• _EXERCISE BRIEF_: Copy the entire listing exactly.

• • • • • • •

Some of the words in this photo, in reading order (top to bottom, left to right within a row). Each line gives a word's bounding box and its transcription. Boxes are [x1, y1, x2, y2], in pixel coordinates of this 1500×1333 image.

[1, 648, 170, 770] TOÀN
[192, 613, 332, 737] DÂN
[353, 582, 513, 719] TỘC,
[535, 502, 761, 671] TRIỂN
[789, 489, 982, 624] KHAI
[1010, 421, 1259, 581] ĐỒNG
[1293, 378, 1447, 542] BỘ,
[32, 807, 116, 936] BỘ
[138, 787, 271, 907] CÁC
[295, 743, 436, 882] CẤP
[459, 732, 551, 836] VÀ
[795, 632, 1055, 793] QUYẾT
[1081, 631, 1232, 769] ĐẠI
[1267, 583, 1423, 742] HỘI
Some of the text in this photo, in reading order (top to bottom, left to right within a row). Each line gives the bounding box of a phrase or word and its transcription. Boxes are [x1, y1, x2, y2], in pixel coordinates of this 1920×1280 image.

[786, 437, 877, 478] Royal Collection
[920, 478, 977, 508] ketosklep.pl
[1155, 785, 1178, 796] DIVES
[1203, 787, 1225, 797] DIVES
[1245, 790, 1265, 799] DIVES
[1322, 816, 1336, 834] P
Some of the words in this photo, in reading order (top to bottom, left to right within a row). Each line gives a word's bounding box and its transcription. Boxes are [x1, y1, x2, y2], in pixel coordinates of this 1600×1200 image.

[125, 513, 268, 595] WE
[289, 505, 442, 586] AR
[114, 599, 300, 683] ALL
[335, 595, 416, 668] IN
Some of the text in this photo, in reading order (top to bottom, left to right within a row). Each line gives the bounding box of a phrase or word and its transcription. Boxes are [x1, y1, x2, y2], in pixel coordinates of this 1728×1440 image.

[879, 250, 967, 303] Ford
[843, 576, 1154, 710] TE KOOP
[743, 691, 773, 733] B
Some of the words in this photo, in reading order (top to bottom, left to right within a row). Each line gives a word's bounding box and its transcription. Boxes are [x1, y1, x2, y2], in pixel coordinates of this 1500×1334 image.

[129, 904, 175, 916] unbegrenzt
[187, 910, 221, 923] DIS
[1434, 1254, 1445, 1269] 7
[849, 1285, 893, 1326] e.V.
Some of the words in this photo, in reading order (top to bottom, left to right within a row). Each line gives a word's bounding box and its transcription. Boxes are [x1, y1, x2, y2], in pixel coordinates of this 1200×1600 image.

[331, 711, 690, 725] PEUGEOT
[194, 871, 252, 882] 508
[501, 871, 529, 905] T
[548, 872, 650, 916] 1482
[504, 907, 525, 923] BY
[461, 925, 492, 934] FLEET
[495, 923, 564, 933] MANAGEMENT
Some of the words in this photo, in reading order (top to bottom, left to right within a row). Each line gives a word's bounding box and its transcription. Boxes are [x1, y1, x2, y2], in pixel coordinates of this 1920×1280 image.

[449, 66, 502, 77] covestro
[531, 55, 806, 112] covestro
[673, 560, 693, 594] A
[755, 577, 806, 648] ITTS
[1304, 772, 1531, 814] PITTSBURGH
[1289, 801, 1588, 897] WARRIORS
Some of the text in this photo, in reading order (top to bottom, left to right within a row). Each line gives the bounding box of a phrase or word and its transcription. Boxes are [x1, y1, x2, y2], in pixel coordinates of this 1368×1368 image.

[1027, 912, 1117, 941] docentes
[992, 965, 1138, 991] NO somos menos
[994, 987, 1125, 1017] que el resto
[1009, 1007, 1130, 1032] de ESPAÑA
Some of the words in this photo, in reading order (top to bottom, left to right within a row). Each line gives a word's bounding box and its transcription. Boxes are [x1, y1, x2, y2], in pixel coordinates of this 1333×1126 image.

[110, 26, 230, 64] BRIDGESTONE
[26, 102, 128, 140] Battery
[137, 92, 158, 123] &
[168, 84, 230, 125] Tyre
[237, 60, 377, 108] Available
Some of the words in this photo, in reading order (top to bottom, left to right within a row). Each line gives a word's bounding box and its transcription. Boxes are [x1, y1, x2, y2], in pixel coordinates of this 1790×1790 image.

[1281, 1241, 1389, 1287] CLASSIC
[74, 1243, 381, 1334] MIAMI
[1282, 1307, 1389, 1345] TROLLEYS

• • • • • • •

• _FINAL ANSWER_:
Some of the words in this photo, in reading order (top to bottom, left to right within a row). Each line gives a word's bounding box and its transcription. Boxes are [x1, y1, x2, y2], in pixel coordinates of this 1500×1333 image.

[1, 648, 170, 770] TOÀN
[192, 613, 332, 737] DÂN
[353, 582, 513, 719] TỘC,
[535, 502, 761, 671] TRIỂN
[789, 489, 982, 624] KHAI
[1010, 421, 1259, 581] ĐỒNG
[1293, 378, 1447, 542] BỘ,
[32, 807, 116, 936] BỘ
[138, 787, 271, 907] CÁC
[295, 743, 436, 882] CẤP
[459, 732, 551, 836] VÀ
[795, 632, 1055, 793] QUYẾT
[1081, 631, 1232, 769] ĐẠI
[1267, 583, 1423, 742] HỘI
Some of the text in this photo, in reading order (top to bottom, left to right within a row). Each line gives the bounding box of a phrase or word and its transcription. Boxes are [x1, y1, x2, y2], in pixel coordinates of this 1920×1280 image.

[786, 437, 877, 478] Royal Collection
[920, 478, 977, 508] ketosklep.pl
[1155, 785, 1178, 796] DIVES
[1203, 787, 1225, 797] DIVES
[1245, 790, 1265, 799] DIVES
[1322, 816, 1336, 834] P
Some of the words in this photo, in reading order (top to bottom, left to right within a row). Each line gives a word's bounding box and its transcription. Boxes are [x1, y1, x2, y2], in pixel coordinates of this 1600×1200 image.

[125, 513, 268, 595] WE
[289, 505, 442, 586] AR
[114, 599, 300, 683] ALL
[335, 595, 416, 668] IN
Some of the text in this photo, in reading order (top to bottom, left to right within a row). Each line gives the bounding box of a phrase or word and its transcription. Boxes are [x1, y1, x2, y2], in pixel coordinates of this 1728×1440 image.

[879, 250, 967, 303] Ford
[843, 576, 1154, 710] TE KOOP
[743, 691, 773, 733] B
Some of the words in this photo, in reading order (top to bottom, left to right within a row). Each line gives a word's bounding box and its transcription. Boxes are [x1, y1, x2, y2], in pixel coordinates of this 1500×1334 image.

[129, 904, 175, 916] unbegrenzt
[187, 910, 221, 923] DIS
[1434, 1254, 1445, 1269] 7
[849, 1285, 893, 1326] e.V.
Some of the words in this photo, in reading order (top to bottom, left to right within a row). Each line gives a word's bounding box and its transcription. Boxes are [x1, y1, x2, y2], in pixel coordinates of this 1200×1600 image.

[331, 711, 690, 725] PEUGEOT
[194, 871, 252, 882] 508
[501, 871, 529, 905] T
[548, 872, 650, 916] 1482
[504, 907, 525, 923] BY
[461, 925, 492, 934] FLEET
[495, 923, 564, 933] MANAGEMENT
Some of the words in this photo, in reading order (top to bottom, left to right within a row). Each line gives a word's bounding box and its transcription. Boxes are [x1, y1, x2, y2], in pixel coordinates of this 1920×1280 image.

[449, 66, 502, 77] covestro
[531, 55, 806, 112] covestro
[673, 560, 693, 594] A
[755, 577, 806, 648] ITTS
[1304, 772, 1531, 814] PITTSBURGH
[1289, 801, 1588, 897] WARRIORS
Some of the text in this photo, in reading order (top to bottom, left to right within a row). Each line gives the bounding box of a phrase or word and its transcription. Boxes are [x1, y1, x2, y2], in pixel coordinates of this 1368×1368 image.

[1027, 912, 1117, 941] docentes
[992, 965, 1138, 991] NO somos menos
[994, 987, 1125, 1017] que el resto
[1009, 1007, 1130, 1032] de ESPAÑA
Some of the words in this photo, in reading order (top to bottom, left to right within a row). Each line gives a word's bounding box and its transcription. Boxes are [x1, y1, x2, y2], in pixel coordinates of this 1333×1126 image.

[110, 26, 230, 64] BRIDGESTONE
[26, 102, 128, 140] Battery
[137, 92, 158, 123] &
[168, 84, 230, 125] Tyre
[237, 60, 377, 108] Available
Some of the words in this photo, in reading order (top to bottom, left to right within a row). Each line gives a word's bounding box and its transcription. Boxes are [x1, y1, x2, y2], in pixel coordinates of this 1790×1790 image.

[1281, 1241, 1389, 1287] CLASSIC
[74, 1243, 381, 1334] MIAMI
[1282, 1307, 1389, 1345] TROLLEYS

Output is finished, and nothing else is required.